Day Two Burma Banks 19/02/2013

I woke a couple of times during the night, the engine rumbling below my cabin. The constant noise a reminder of just how far from shore we were heading. Diving at Western Rocky had already taken us around 36 nautical miles from our departure point at Kaw Thuang. Western Rocky would be the last island we would see for the next 36 hours as we headed another 90 nautical miles out to sea.

Burma Tides & Sea Conditions

High Tide Low Tide
3:20am 1.7m
4:40pm 1.9m
9:00am 1.2m
11:10pm 1.4m
Wind: 2knt from Northeast Wave: 0.4m

Arriving at Silvertip Bank just before dawn I was surprised to see a couple of boats there, both were game fishing boats. They had spent the night at the bank and were due to depart to another bank further north west.

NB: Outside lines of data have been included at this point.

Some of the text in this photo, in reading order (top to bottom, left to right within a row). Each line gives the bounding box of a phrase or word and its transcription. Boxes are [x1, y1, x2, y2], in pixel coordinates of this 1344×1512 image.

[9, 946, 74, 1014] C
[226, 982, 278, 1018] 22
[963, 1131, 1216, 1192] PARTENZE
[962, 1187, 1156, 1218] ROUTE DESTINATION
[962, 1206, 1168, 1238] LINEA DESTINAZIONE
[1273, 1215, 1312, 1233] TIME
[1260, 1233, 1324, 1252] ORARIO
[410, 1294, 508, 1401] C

I was full of excitement during the dive briefing. I was also nervous. I had only been to the Burma Banks once before, two years previously with Andrea. No one else had any idea what to expect, no one else was fully aware of the risks involved with diving this far offshore. So far the tides had not been strong, but this far out the ocean conditions are very unpredictable. Squalls can blow up from nowhere creating swell and choppy waves, currents can be very strong. What’s happening on the surface is not always an indication of whats happening underwater, surface currents can move in the opposite direction to the currents below.


Good surface cover is the key to safety at the banks. Dinghies should follow the groups closely with the main boat close behind. Two years ago the captain on MV Jazz had got it right. Other captains had told him of the long drift dives, he was nervous of losing divers and had therefore stuck to us like glue as we drifted almost 2 kilometres on the dives.

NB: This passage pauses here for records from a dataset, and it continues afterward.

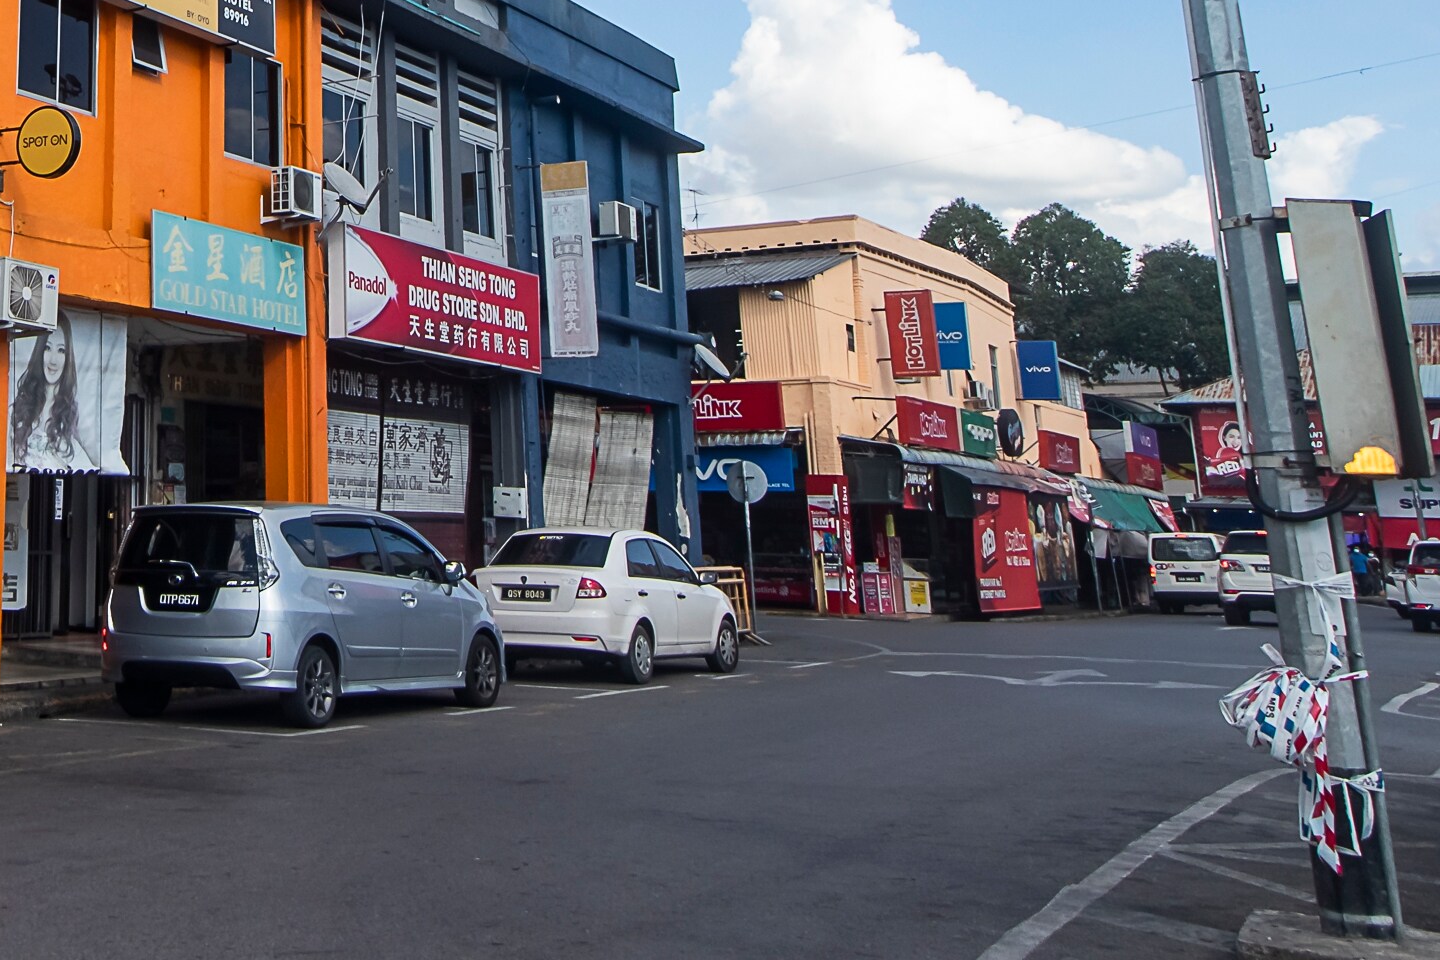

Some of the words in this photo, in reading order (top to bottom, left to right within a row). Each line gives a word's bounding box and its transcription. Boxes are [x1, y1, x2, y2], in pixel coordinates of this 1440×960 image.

[197, 14, 210, 26] OYO
[223, 7, 249, 27] 89916
[23, 136, 48, 148] SPOT
[50, 134, 68, 146] ON
[162, 224, 298, 298] 金星酒店
[348, 271, 387, 296] Panadol
[421, 256, 456, 284] THIAN
[458, 266, 486, 292] SENG
[488, 273, 516, 299] TONG
[160, 278, 207, 307] GOLD
[211, 289, 248, 317] STAR
[252, 297, 302, 326] HOTEL
[409, 285, 440, 311] DRUG
[442, 293, 477, 321] STORE
[479, 302, 503, 326] SDN.
[504, 307, 528, 332] BHD.
[409, 315, 529, 359] 天生堂药行有限公司
[338, 369, 362, 397] TONG
[159, 594, 199, 605] QTP6671
[507, 589, 522, 598] QSY
[525, 590, 545, 599] 8049
[1265, 697, 1277, 718] MPS

We had chosen the shallowest bank to start our day, the bank I considered offered the easiest conditions. Silvertip Bank rises from around 300 metres depth. The bank starts to flatten out at around 30 metres. From the edges to the centre it then rises slowly to around 12-15 metres. I am not sure how much area the bank covers, but from my previous dive I knew that with a favourable current you could drift from one edge to the other, I estimate around 2 kilometres.

Jumping in first I started to drift from the back of the boat.

DIVE ONE 7:52am

Silvertip Bank, Burma banks.


The Burma Banks are not only a long way from shore, there is some distance between each one. Also, they are not reliably charted and the exact size of each bank is somewhat vague. After Silvertip Bank we set a course for Roe Bank just over ten nautical miles north west. We were heading further still from shore. We caught up with one of the game fishing boats here.


I remember clearly my previous dive here. We had jumped in and after a short while the current changed direction. We were forced to cut the dive short as the current was pushing us off the bank. I did not want a repeat performance of this so the captain tried his best to locate the centre of the bank to give us plenty of distance to drift even if the current altered its course during the dive.

Roe Bank is on average slightly deeper than Silvertip Bank. The top is flat at a depth of 22-23 metres.

DIVE TWO 11:56am

Roe Bank, Burma banks.


During lunch we headed north west to Rainbow Reef. This bank would be our furthest point from the mainland, a whopping 200kms from Kaw Thuang where we started from, well over 24 hours to the nearest recompression chamber.

After lunch a pod of spinner dolphins (Stenella longirostris) visited the SY Diva Andaman, swimming along side and playing in the wake of the boat at the bow. They stayed a while as we cruised along. Apart from the Dolphins nothing else was in sight, just open ocean in every direction. With the sun almost directly over head it was easy to lose your sense of direction.


It was soon time to dive again and we kitted up for our third and final dive at the Burma Banks. This dive at Rainbow Reef was going to be the deepest and most advanced dive of the day. I was worried when I learnt I would not have a dive master as assistant for this one. My group were really diving well, but at the Banks you really need all the staff you have available.

So, for only the second time in my life I found myself jumping into the open ocean far far from land. As I hit the water, the current had me, and off we went.


Rainbow Reef, Burma Banks.


As the last divers boarded the SY Diva Andaman we set our course north east for the long 16 hour cruise to Black Rock. All in all we’d enjoyed a great day’s diving at the Burma Banks. Although the large shark populations that had given the Banks their reputation had been caught long ago by Chinese longliners, we’d still had a few exciting encounters with nurse sharks. I won’t forget my intimate moment betting bashed by the juvenile shark.

The day had exposed a few frail safety issues on the boat, but nothing we couldn’t learn from and put right for our next visit to the Burma Banks schedule for March 2013.